EXERCISE MATERIALS below:

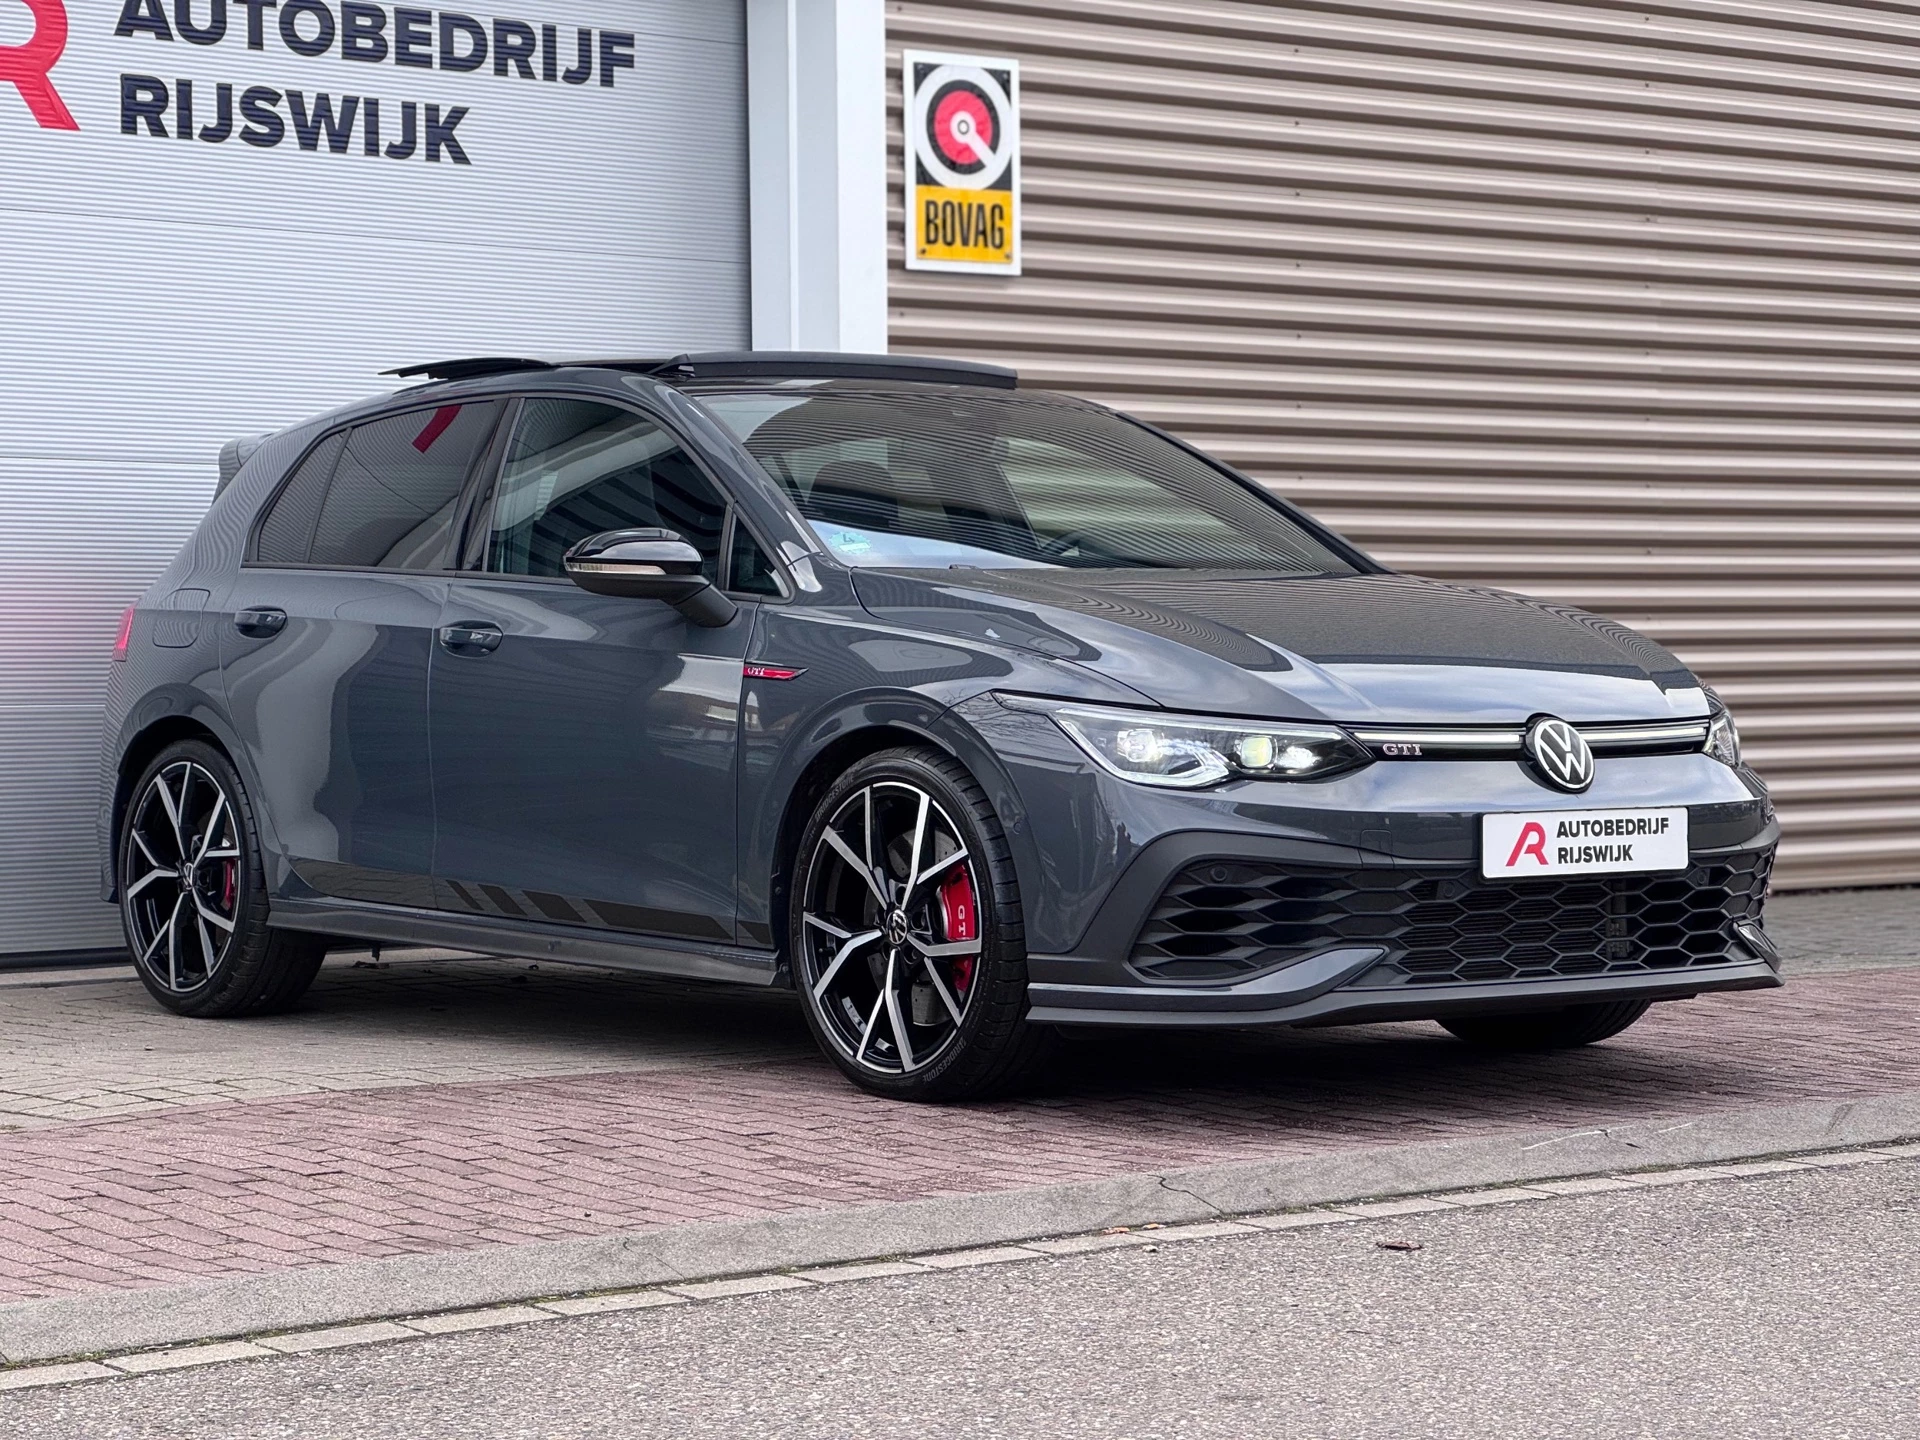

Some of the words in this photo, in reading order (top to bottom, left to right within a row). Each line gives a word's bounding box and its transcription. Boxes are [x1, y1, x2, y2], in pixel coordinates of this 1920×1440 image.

[113, 0, 636, 89] AUTOBEDRIJF
[119, 73, 473, 166] RIJSWIJK
[924, 199, 1005, 249] BOVAG
[1382, 742, 1423, 756] GTI
[1556, 817, 1670, 839] AUTOBEDRIJF
[1557, 843, 1634, 865] RIJSWIJK

End of EXERCISE MATERIALS.

(WHAT TO WORK ON) With the images left out, output all the entries above exactly.

(SOLUTION FOR THIS TASK)
Some of the words in this photo, in reading order (top to bottom, left to right within a row). Each line gives a word's bounding box and its transcription. Boxes are [x1, y1, x2, y2], in pixel coordinates of this 1920×1440 image.

[113, 0, 636, 89] AUTOBEDRIJF
[119, 73, 473, 166] RIJSWIJK
[924, 199, 1005, 249] BOVAG
[1382, 742, 1423, 756] GTI
[1556, 817, 1670, 839] AUTOBEDRIJF
[1557, 843, 1634, 865] RIJSWIJK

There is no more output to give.